Douglas’s much-admired new two-part installation at the festival (he’s representing Canada) is a continuation of interests that the artist has been pursuing the whole of his career. 2011 ≠ 1848, as it is titled, is a richly layered collection of works, stuffed with ideas in that dizzying way contemporary art so often is, but inspired by the 10th anniversary of the seemingly unrelated but near-simultaneous protests and unrest that broke out across the globe in 2011, including the riots in London, and the music that began to emerge there around that time.

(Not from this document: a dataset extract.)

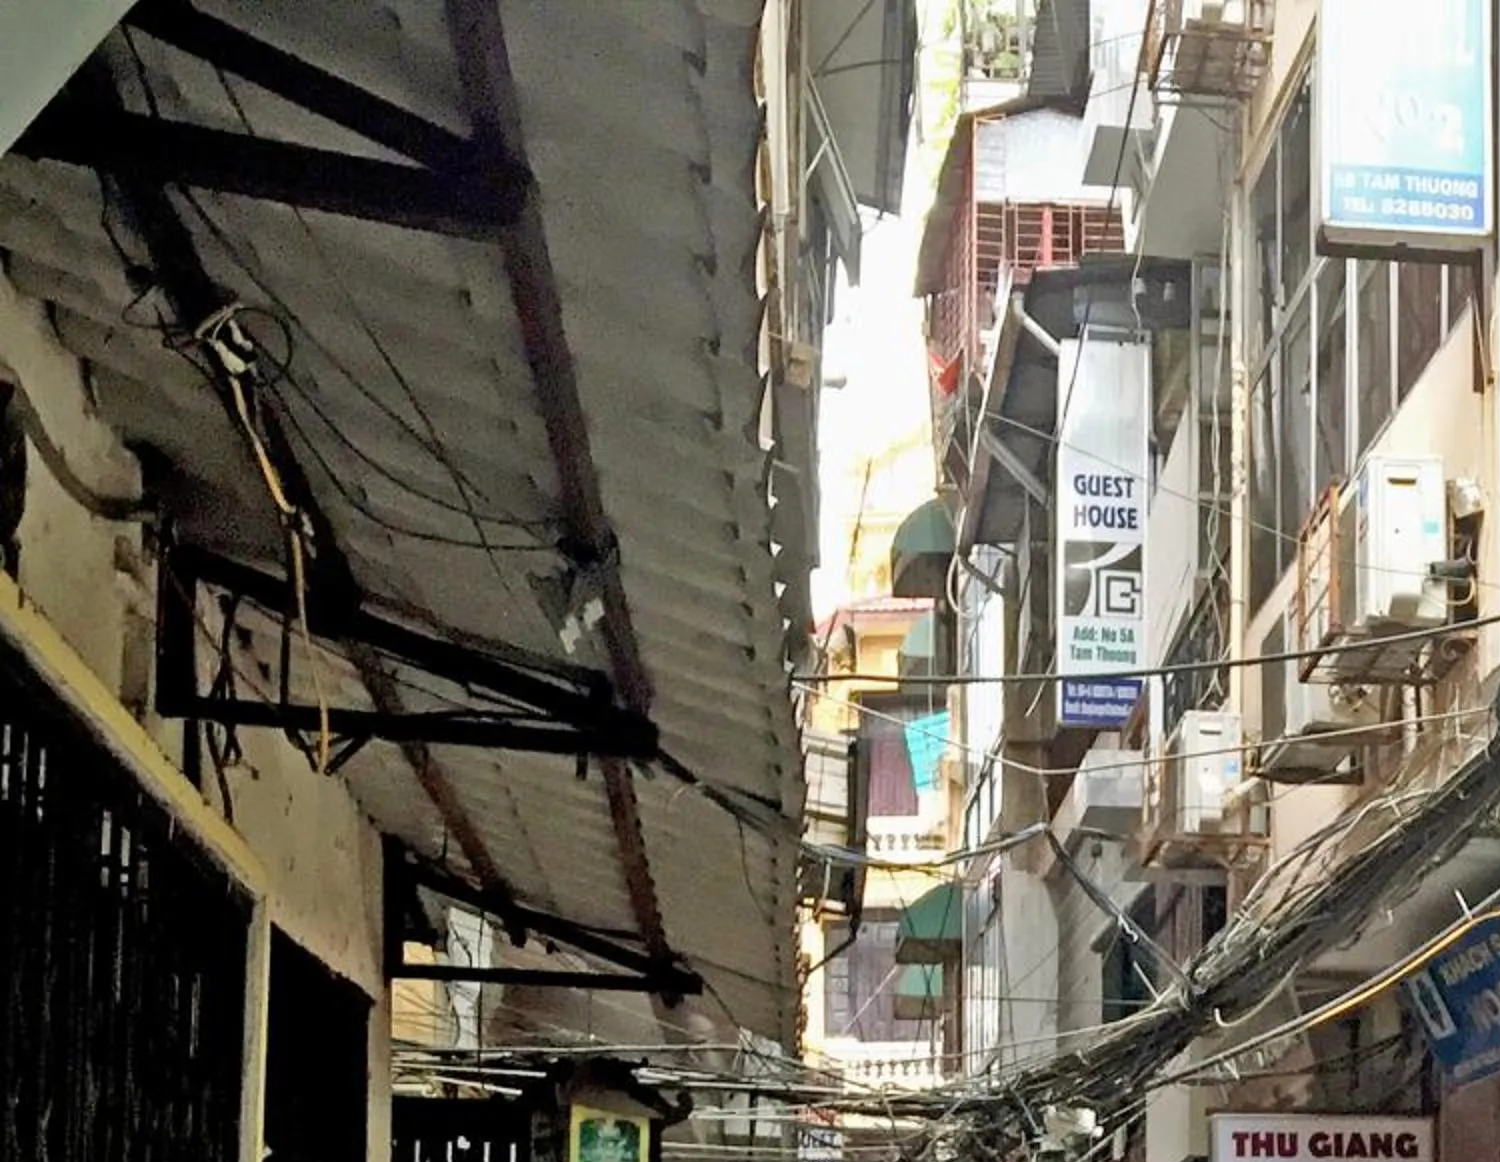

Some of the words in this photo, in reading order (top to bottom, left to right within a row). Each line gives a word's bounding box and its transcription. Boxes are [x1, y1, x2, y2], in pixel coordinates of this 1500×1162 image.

The first part of his show, in the Canadian pavilion at the Giardini della Biennale, comprises four large-scale photographs which restage protests and riots from that year from four different locations - Tunis, in January at the beginning of the Arab Spring, the aftermath of the Stanley Cup riot in Vancouver in June, clashes between young people and police in Hackney in the August, and the kettling of Occupy Wall Street protesters on the Brooklyn Bridge in October.
In the second, two huge screens hanging in one of the vast salt warehouses down in the Dorsoduro area of the city, right on the water, depict what seems to be a call-and-response between two duos: the London-based rappers TrueMendous and Lady Sanity (both of whom originally hail from Birmingham) and two male MCs in Cairo, El Joker and Raptor.
Protest, and music as a form of cultural protest or expression of political and social frustration has long been an area of fascination for Douglas - and that particular type of expression, he tells me, “is manifest in grime, to a large degree”. Grime began to appear, he says, just before the events of 2011, which he believes were a manifestation of a “widespread intuition of something being wrong”.